__Exercise goal__:
What you return should be the full listing, copied exactly and stripped of its pictures.

- - - - - - -

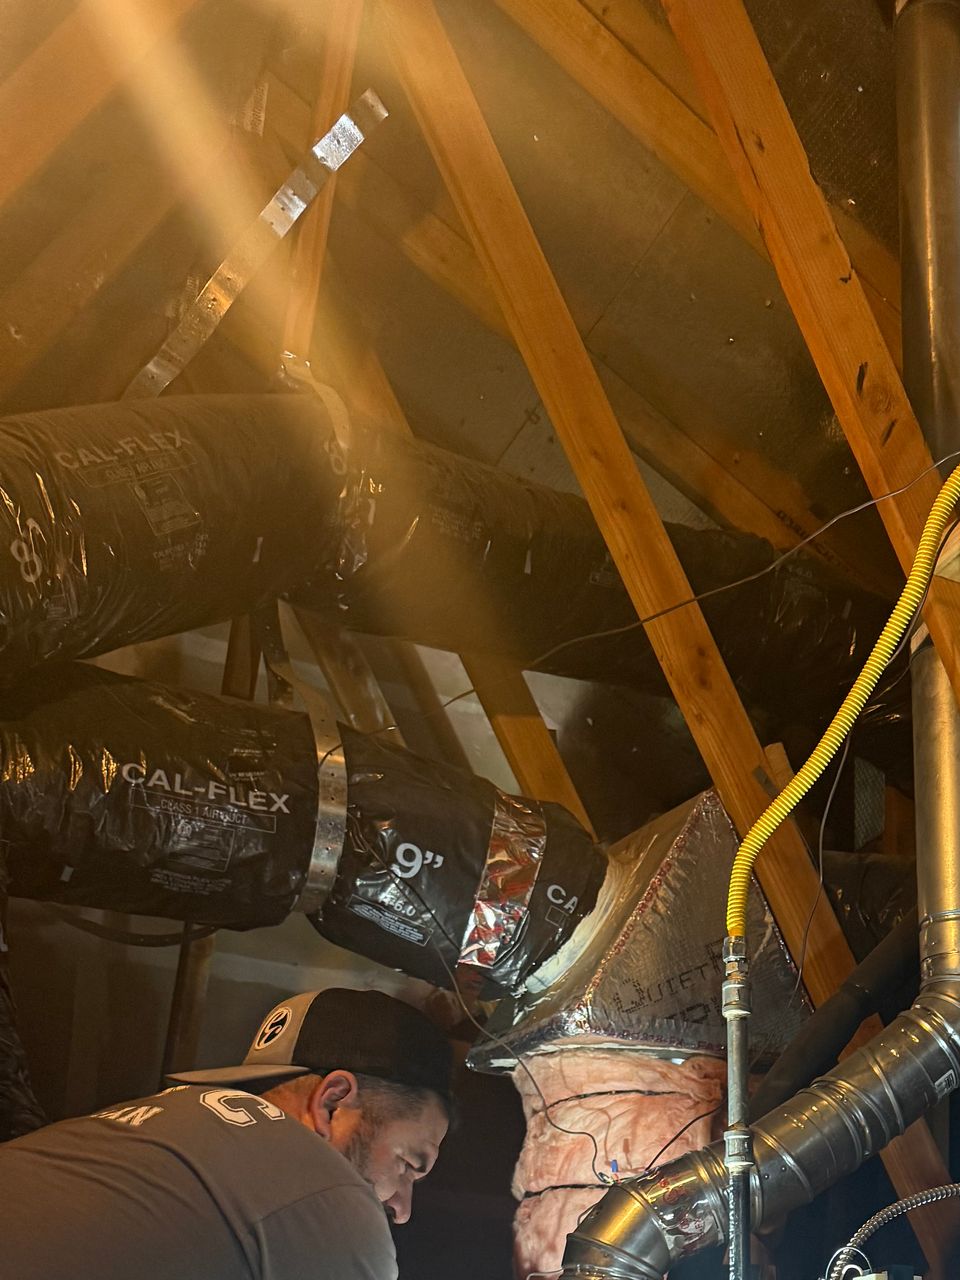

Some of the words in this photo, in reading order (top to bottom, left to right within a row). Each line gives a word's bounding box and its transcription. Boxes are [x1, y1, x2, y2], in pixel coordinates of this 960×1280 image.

[56, 430, 191, 469] CAL-FLEX
[121, 763, 291, 814] CAL-FLEX
[160, 799, 192, 814] CLASS
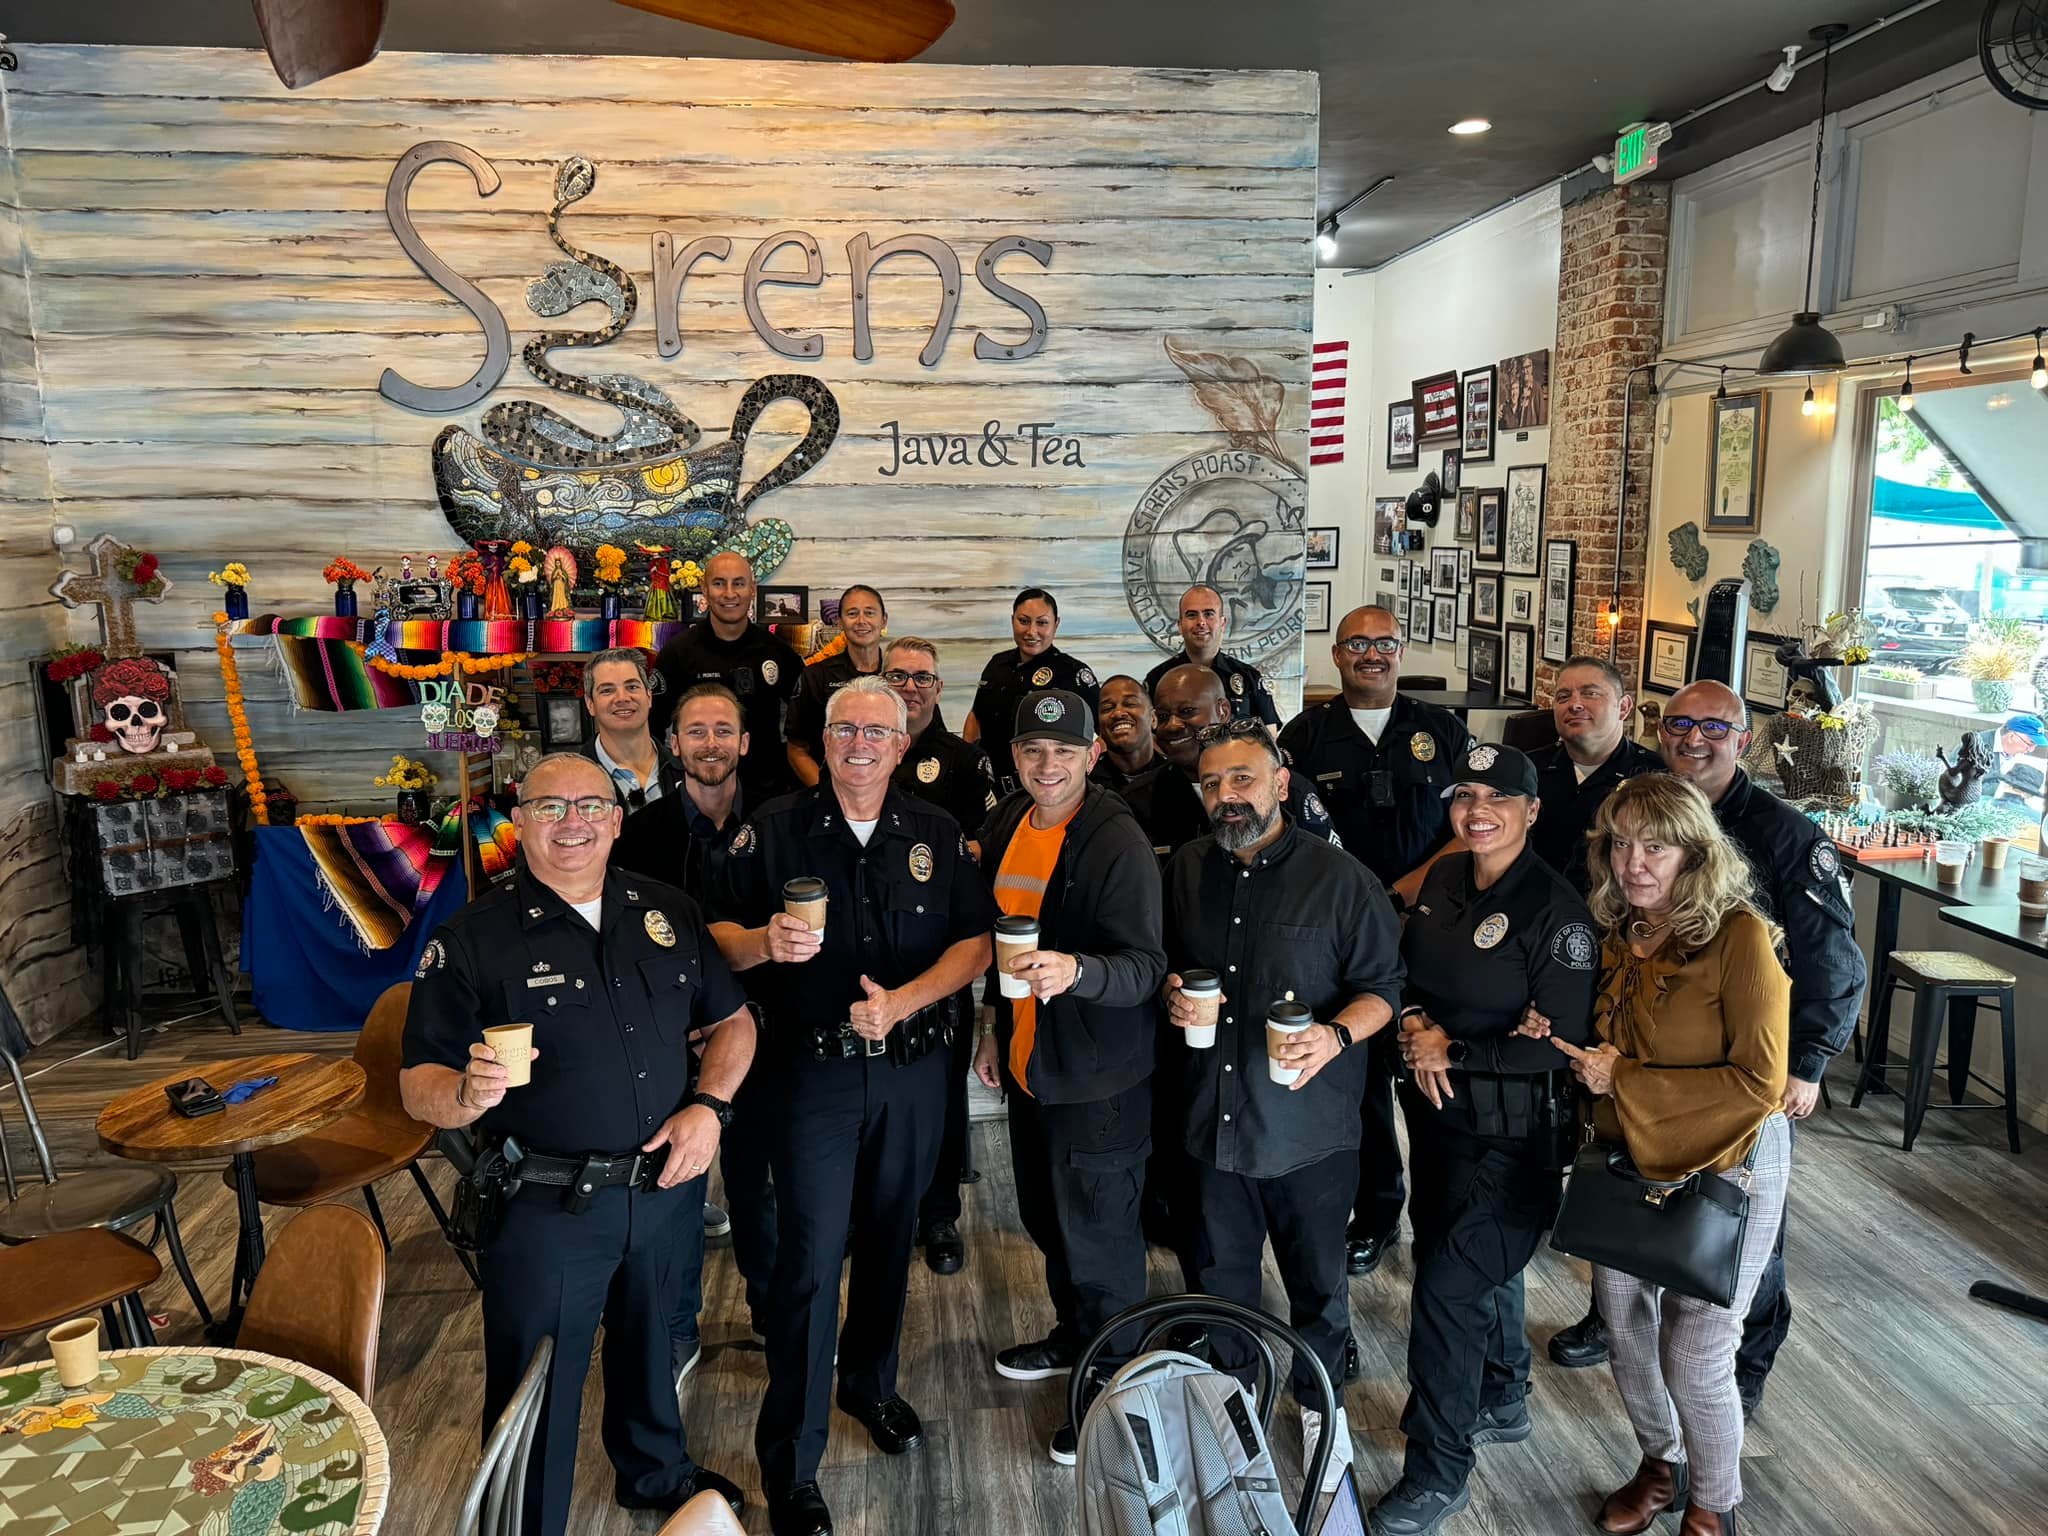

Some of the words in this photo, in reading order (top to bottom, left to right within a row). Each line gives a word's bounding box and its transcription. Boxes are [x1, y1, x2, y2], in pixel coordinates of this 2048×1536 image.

[879, 421, 971, 477] Java
[977, 420, 1017, 466] &
[1020, 421, 1086, 468] Tea
[1134, 472, 1188, 534] SIRENS
[1192, 452, 1261, 480] ROAST
[1224, 645, 1254, 660] AN
[418, 680, 466, 705] DIA
[446, 707, 475, 729] LOS
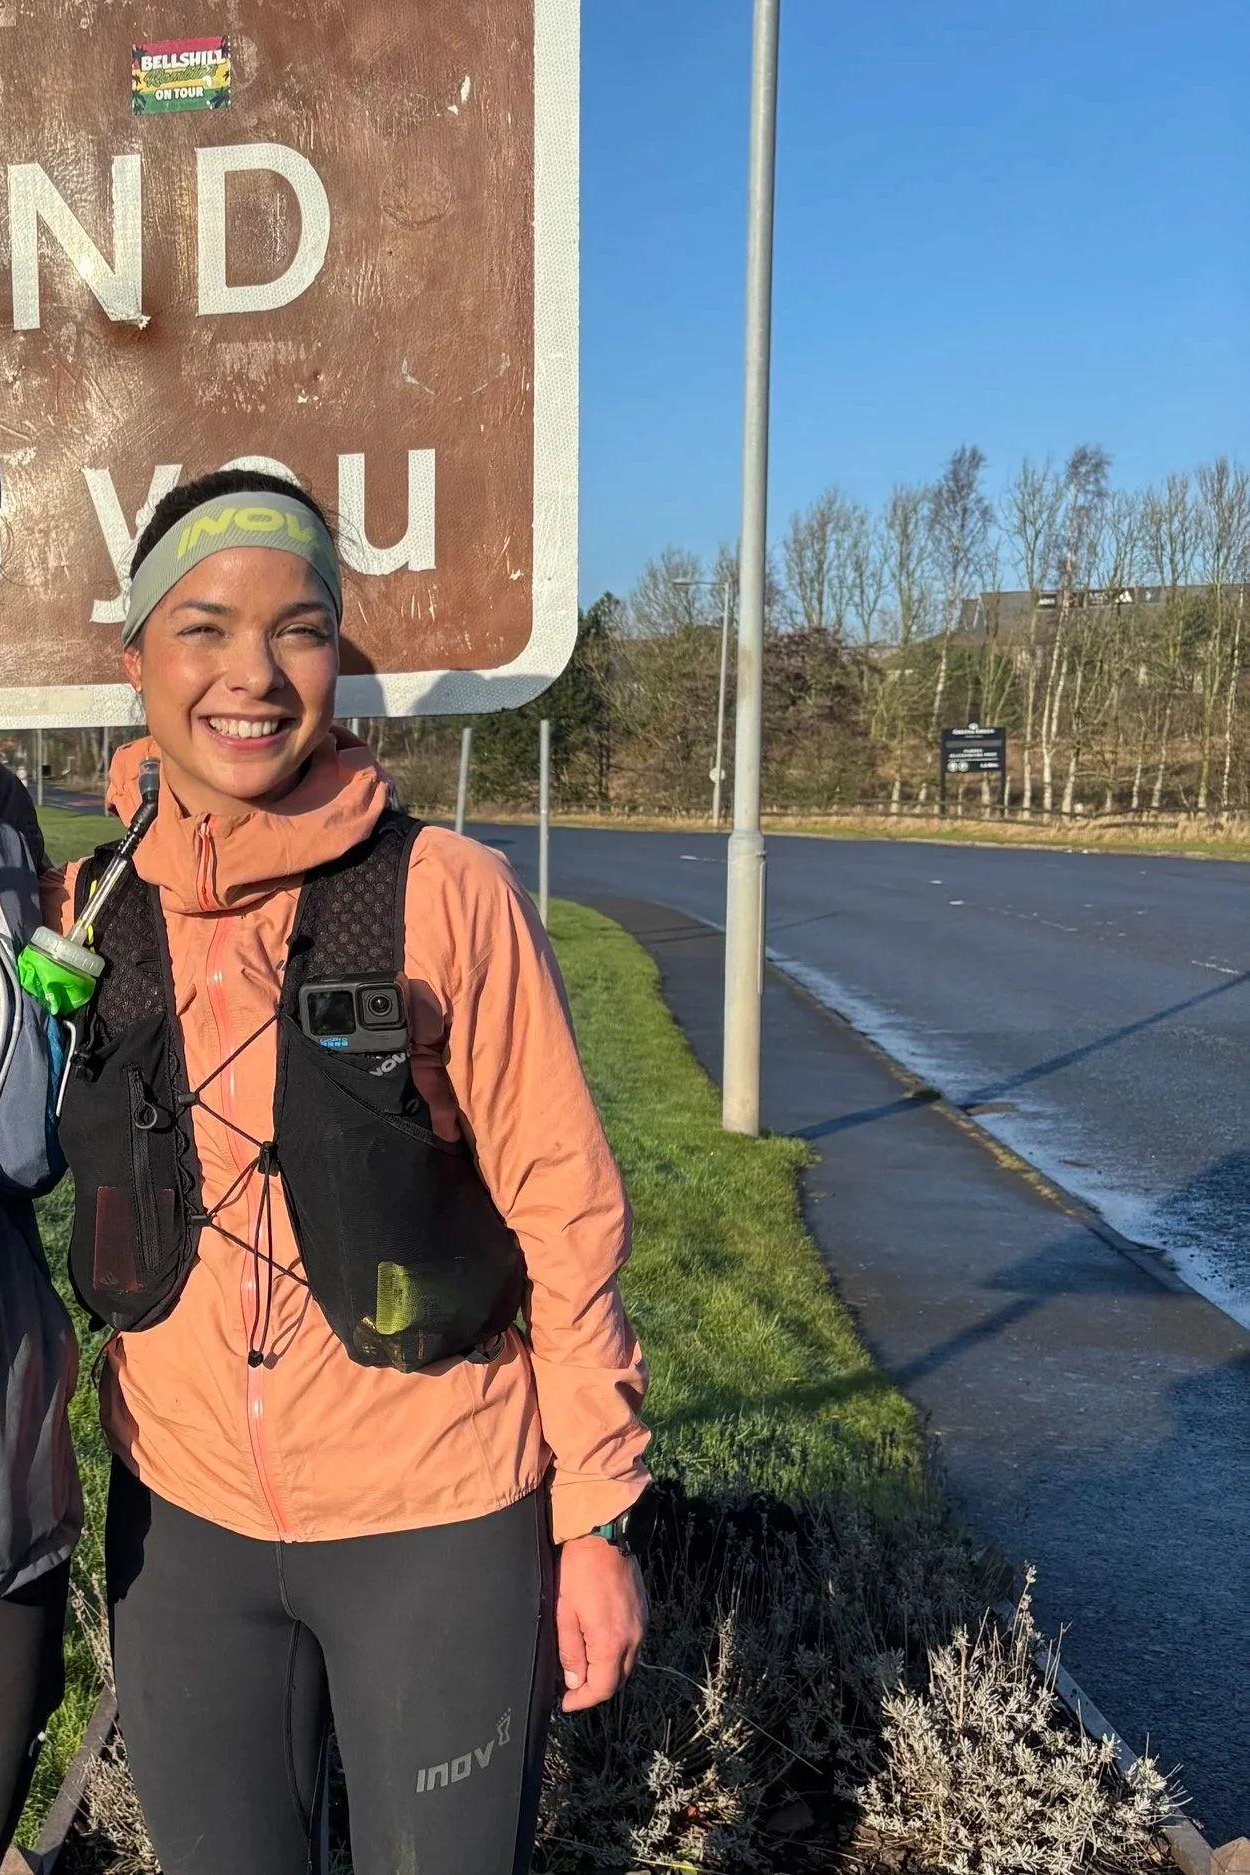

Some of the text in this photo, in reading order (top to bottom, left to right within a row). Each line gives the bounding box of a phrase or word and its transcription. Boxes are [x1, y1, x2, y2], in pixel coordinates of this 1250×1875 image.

[141, 49, 225, 72] BELLSHILL
[155, 87, 204, 100] ON TOUR
[81, 448, 436, 624] yu

- - - - - - -

__Answer to this problem__:
Some of the words in this photo, in reading order (top to bottom, left to right within a row). Each line gives a word's bounding box and its transcription. Boxes are [x1, y1, x2, y2], in pixel coordinates of this 960×1280 image.

[56, 430, 191, 469] CAL-FLEX
[121, 763, 291, 814] CAL-FLEX
[160, 799, 192, 814] CLASS

Some of the words in this photo, in reading order (top to bottom, left to right within a row). Each line gives a word's bounding box and its transcription. Boxes are [x1, y1, x2, y2], in pixel coordinates of this 2048×1536 image.

[879, 421, 971, 477] Java
[977, 420, 1017, 466] &
[1020, 421, 1086, 468] Tea
[1134, 472, 1188, 534] SIRENS
[1192, 452, 1261, 480] ROAST
[1224, 645, 1254, 660] AN
[418, 680, 466, 705] DIA
[446, 707, 475, 729] LOS

Some of the text in this photo, in reading order (top to bottom, left to right within a row). Each line gives the bounding box of a phrase or word and its transcription. Boxes are [x1, y1, x2, y2], in pixel coordinates of this 1250×1875 image.

[141, 49, 225, 72] BELLSHILL
[155, 87, 204, 100] ON TOUR
[81, 448, 436, 624] yu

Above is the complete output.